Exercise:
Copy the listing that follows exactly. Its pictures do not belong in the copy.

++++++++++++++++++++

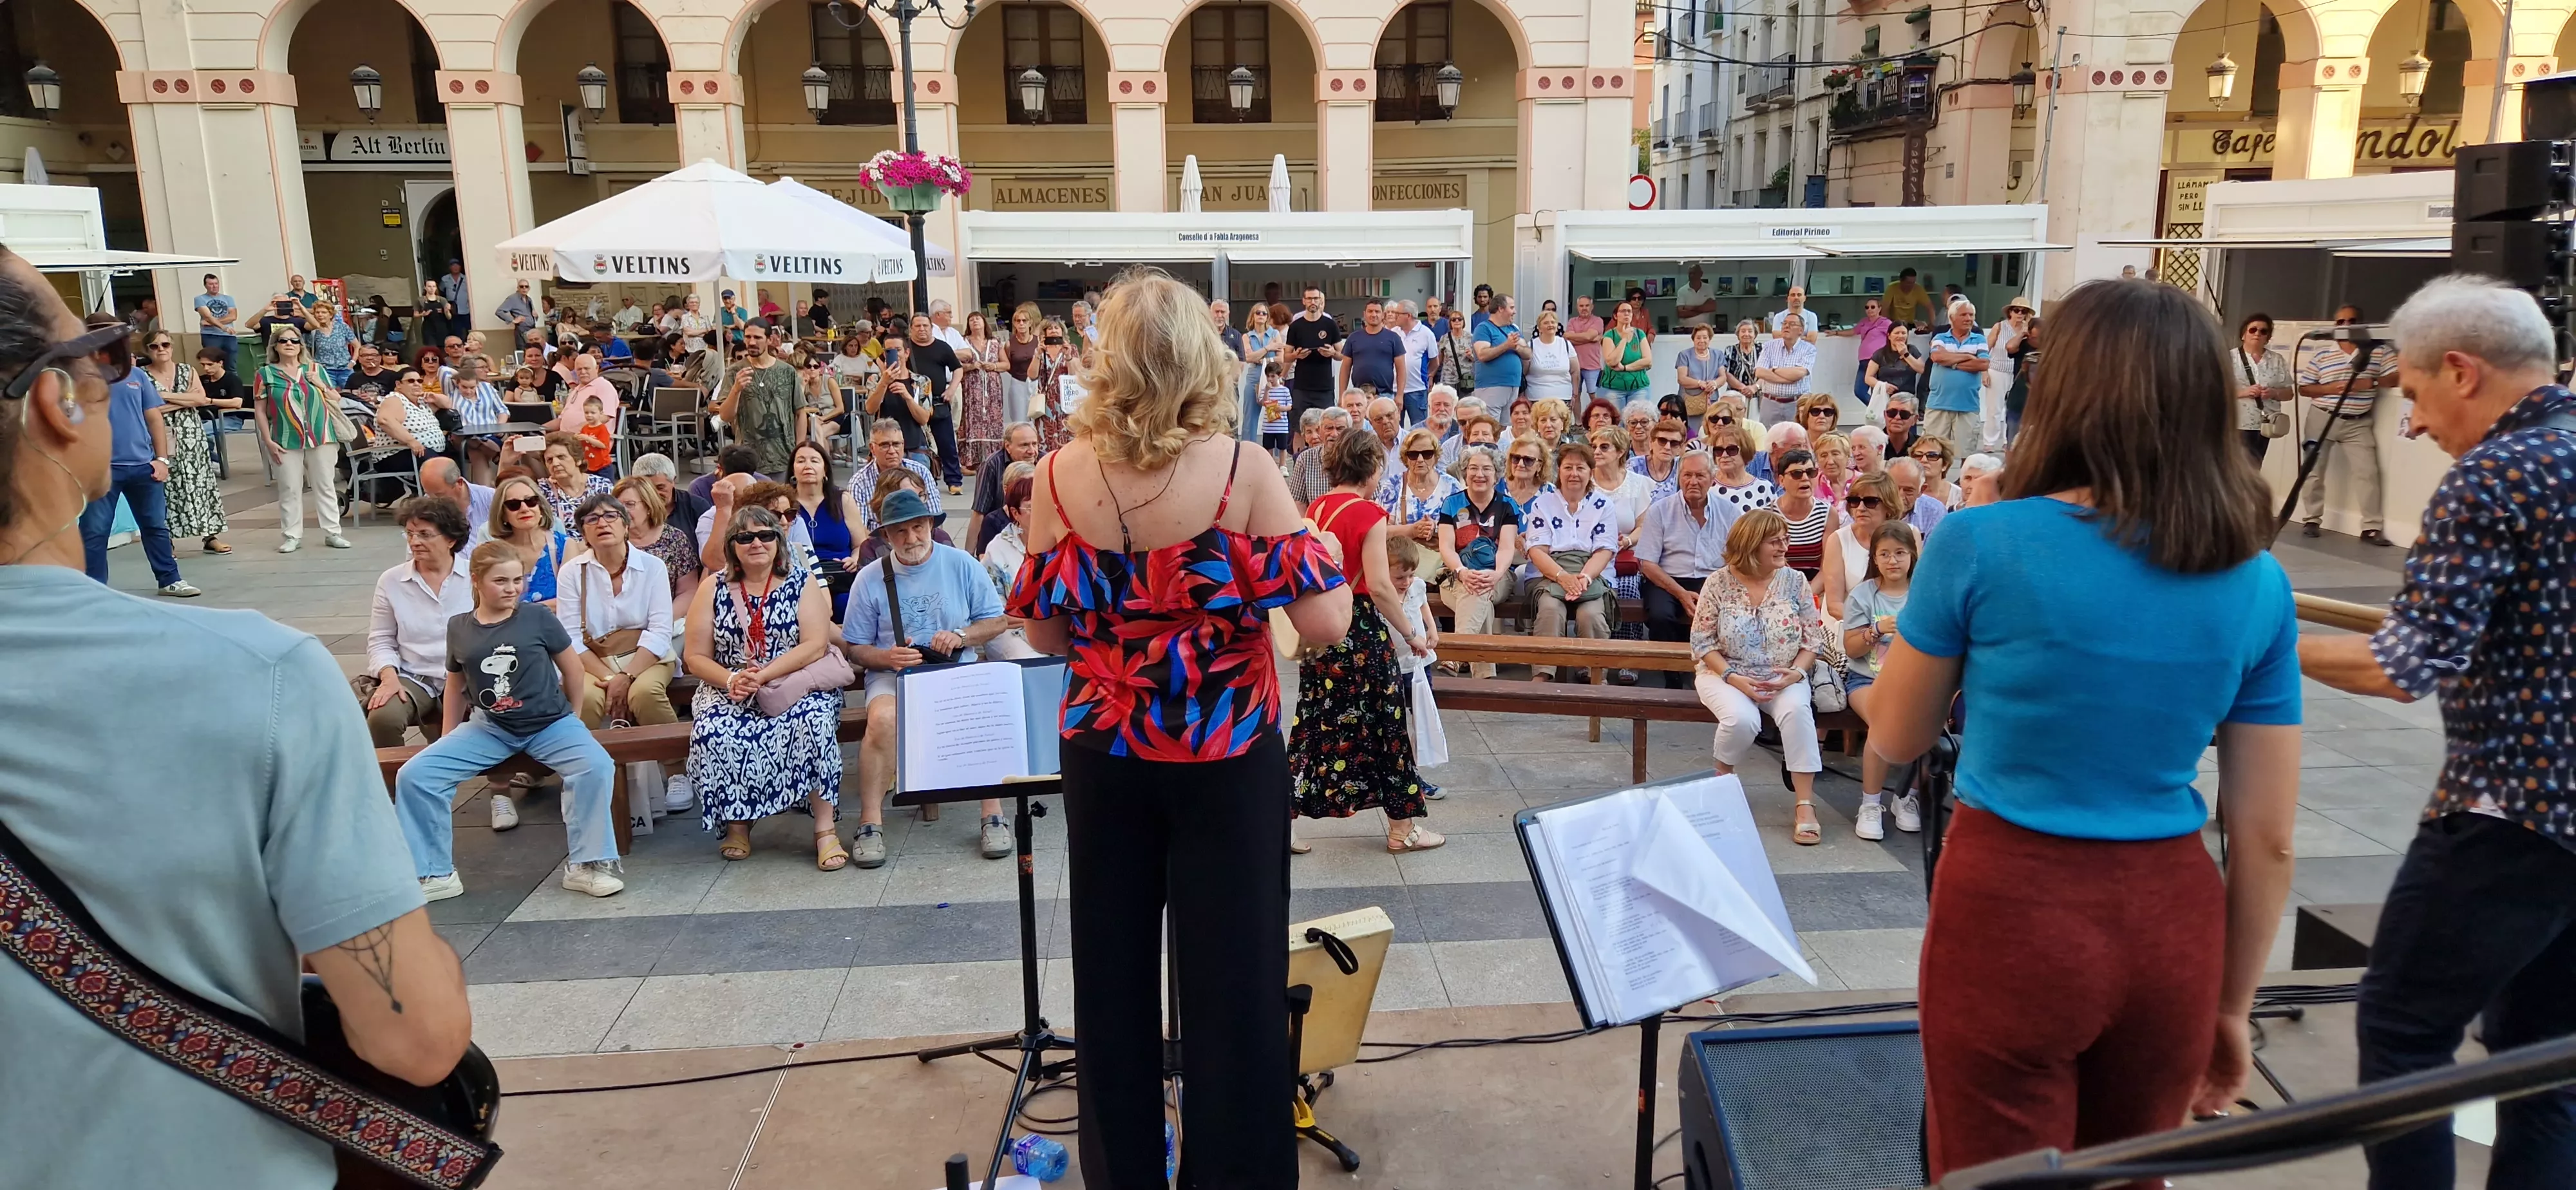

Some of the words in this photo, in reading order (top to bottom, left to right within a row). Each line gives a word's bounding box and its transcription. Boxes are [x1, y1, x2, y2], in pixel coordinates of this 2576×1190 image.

[351, 135, 382, 155] Alt
[387, 135, 446, 155] Berlin
[2356, 115, 2459, 158] ndol
[995, 187, 1106, 204] ALMACENES
[1200, 186, 1222, 202] AN
[1231, 185, 1268, 202] JUA
[1372, 183, 1461, 201] ONFECCIONES
[1179, 232, 1203, 241] Consello
[1214, 232, 1229, 241] Fabla
[1229, 232, 1259, 242] Aragonesa
[1772, 227, 1803, 236] Editorial
[1804, 227, 1830, 236] Pirineo
[518, 253, 549, 272] VELTINS
[611, 255, 690, 275] VELTINS
[769, 255, 843, 275] VELTINS
[880, 258, 903, 276] VELTINS

++++++++++++++++++++

Response below:
Some of the words in this photo, in reading order (top to bottom, left to right within a row). Each line gives a word's bounding box and its transcription. Boxes are [x1, y1, x2, y2], in pixel coordinates of this 2576×1190 image.

[351, 135, 382, 155] Alt
[387, 135, 446, 155] Berlin
[2356, 115, 2459, 158] ndol
[995, 187, 1106, 204] ALMACENES
[1200, 186, 1222, 202] AN
[1231, 185, 1268, 202] JUA
[1372, 183, 1461, 201] ONFECCIONES
[1179, 232, 1203, 241] Consello
[1214, 232, 1229, 241] Fabla
[1229, 232, 1259, 242] Aragonesa
[1772, 227, 1803, 236] Editorial
[1804, 227, 1830, 236] Pirineo
[518, 253, 549, 272] VELTINS
[611, 255, 690, 275] VELTINS
[769, 255, 843, 275] VELTINS
[880, 258, 903, 276] VELTINS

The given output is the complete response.